OPINION:
A version of this story appeared in the Threat Status newsletter from The Washington Times. Click here to receive Threat Status delivered directly to your inbox each Wednesday.
Worldwide trade performs the same service as the World Wide Web: to bring diverse peoples together for mutual prosperity. Just as hackers take advantage of internet vulnerabilities for self-serving aims, so do terrorists who interrupt the free flow of trade upon the seas.
Iran-backed Houthi rebels are threatening global commerce with their attacks on freight and oil shipping in the Red Sea. They are due a smart smackdown, but President Biden is hesitating to lead it for fear of stirring up an Iranian-Houthi hornet’s nest. If the past teaches anything, it’s that terrorism does not desist on its own.
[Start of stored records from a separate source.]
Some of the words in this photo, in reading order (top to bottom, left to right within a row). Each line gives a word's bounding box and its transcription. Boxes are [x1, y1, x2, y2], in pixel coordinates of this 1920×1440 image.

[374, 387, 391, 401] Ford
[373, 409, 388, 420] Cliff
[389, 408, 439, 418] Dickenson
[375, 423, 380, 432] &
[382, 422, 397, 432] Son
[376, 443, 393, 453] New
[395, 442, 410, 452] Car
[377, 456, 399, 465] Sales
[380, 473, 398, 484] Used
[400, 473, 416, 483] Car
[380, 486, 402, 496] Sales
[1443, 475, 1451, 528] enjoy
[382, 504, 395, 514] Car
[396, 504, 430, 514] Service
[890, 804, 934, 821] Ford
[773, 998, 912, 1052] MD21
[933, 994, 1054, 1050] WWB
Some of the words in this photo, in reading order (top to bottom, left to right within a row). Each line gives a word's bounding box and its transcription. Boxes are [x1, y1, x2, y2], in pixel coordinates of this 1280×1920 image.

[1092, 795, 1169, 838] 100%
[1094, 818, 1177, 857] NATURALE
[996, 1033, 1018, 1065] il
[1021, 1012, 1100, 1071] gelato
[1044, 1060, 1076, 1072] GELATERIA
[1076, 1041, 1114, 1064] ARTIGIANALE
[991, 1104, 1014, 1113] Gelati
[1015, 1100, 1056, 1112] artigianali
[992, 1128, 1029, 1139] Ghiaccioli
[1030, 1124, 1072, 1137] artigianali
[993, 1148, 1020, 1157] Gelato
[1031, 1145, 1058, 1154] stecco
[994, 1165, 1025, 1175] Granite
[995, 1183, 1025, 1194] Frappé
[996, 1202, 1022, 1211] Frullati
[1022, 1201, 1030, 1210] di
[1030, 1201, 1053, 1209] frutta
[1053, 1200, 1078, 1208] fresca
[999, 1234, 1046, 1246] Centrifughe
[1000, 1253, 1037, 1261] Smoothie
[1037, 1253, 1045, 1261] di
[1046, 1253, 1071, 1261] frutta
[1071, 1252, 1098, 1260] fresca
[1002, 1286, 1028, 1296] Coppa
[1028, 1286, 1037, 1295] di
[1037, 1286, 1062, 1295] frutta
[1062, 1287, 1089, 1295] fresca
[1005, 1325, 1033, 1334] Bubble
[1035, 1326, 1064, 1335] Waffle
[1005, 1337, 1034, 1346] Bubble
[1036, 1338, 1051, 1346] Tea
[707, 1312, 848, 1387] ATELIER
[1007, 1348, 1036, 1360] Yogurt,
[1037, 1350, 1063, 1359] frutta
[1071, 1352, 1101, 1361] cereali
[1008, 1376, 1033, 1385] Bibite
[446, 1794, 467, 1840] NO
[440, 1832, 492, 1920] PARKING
Mr. Biden is reportedly mulling the prospect of redesignating as a foreign terrorist organization the radical Islamist Houthis attempting to overthrow the government of Yemen. The president removed the critical label more than two years ago in hopes of mollifying its leaders and their sponsors in Tehran.
Consequently, the Houthis have seized upon the war that fellow terror-addicted Hamas instigated against Israel to launch drone attacks on some commercial ships and to commandeer others passing by their Yemeni bases. At the same time, U.S. forces in Syria and Iraq have been attacked with rockets more than 100 times by associated terrorist groups since the war’s inception. All are financed by Iran.
The Houthis’ terrorist relabeling is fully warranted. Already, international shipping firms, including Maersk and Hapag-Lloyd, have opted to reroute their vessels around Africa rather than risk attack while transiting the Red Sea. In response to the tightening stranglehold imposed on the global economy, the president tasked Secretary of Defense Lloyd Austin with launching Operation Prosperity Guardian, an international naval coalition to protect Red Sea shipping. Better late than never.
Such foot-dragging is symptomatic of Mr. Biden’s geopolitical leadership. Projection of American strength is deemed anathema to his “progressive” globalism, which clings to the illusory notion that diminishing U.S. superpower status is the key to melding nations into a borderless world of peace. Such folly informed the president’s unforgivable U.S. retreat from Afghanistan, and it colors his open-border policy that is allowing record numbers of immigrants to flood our cities illegally.
Evidently afraid to disturb the terror hornet’s nest, Mr. Biden has thus far rejected a muscular strategy of striking the bases of Houthi provocateurs, much less their Iranian sponsors. Even his ideological guru, former President Barack Obama, eventually tired of watching his Middle East peace overtures slapped down: In 2014, he ordered airstrikes on the terrorist organization ISIS in Syria.
Rather than swatting swarming Houthi drones one by one as they buzz toward vulnerable Red Sea shipping, the newly formed naval coalition should knock out a terror base or two, thereby demonstrating the penalty for interrupting the right to safe passage in waters protected by international convention.
Ultimately, Iran must be disabused of the notion that it can use terror to impose its long-sought Islamic caliphate across the Middle East and isolate the region from the modern world. Moreover, if Iran is left unhindered in putting the finishing touches on its nuclear weapons program, the world will have much more than mad Houthi hornets with which to contend.
Regrettably, there is simply no effective alternative to peace through strength.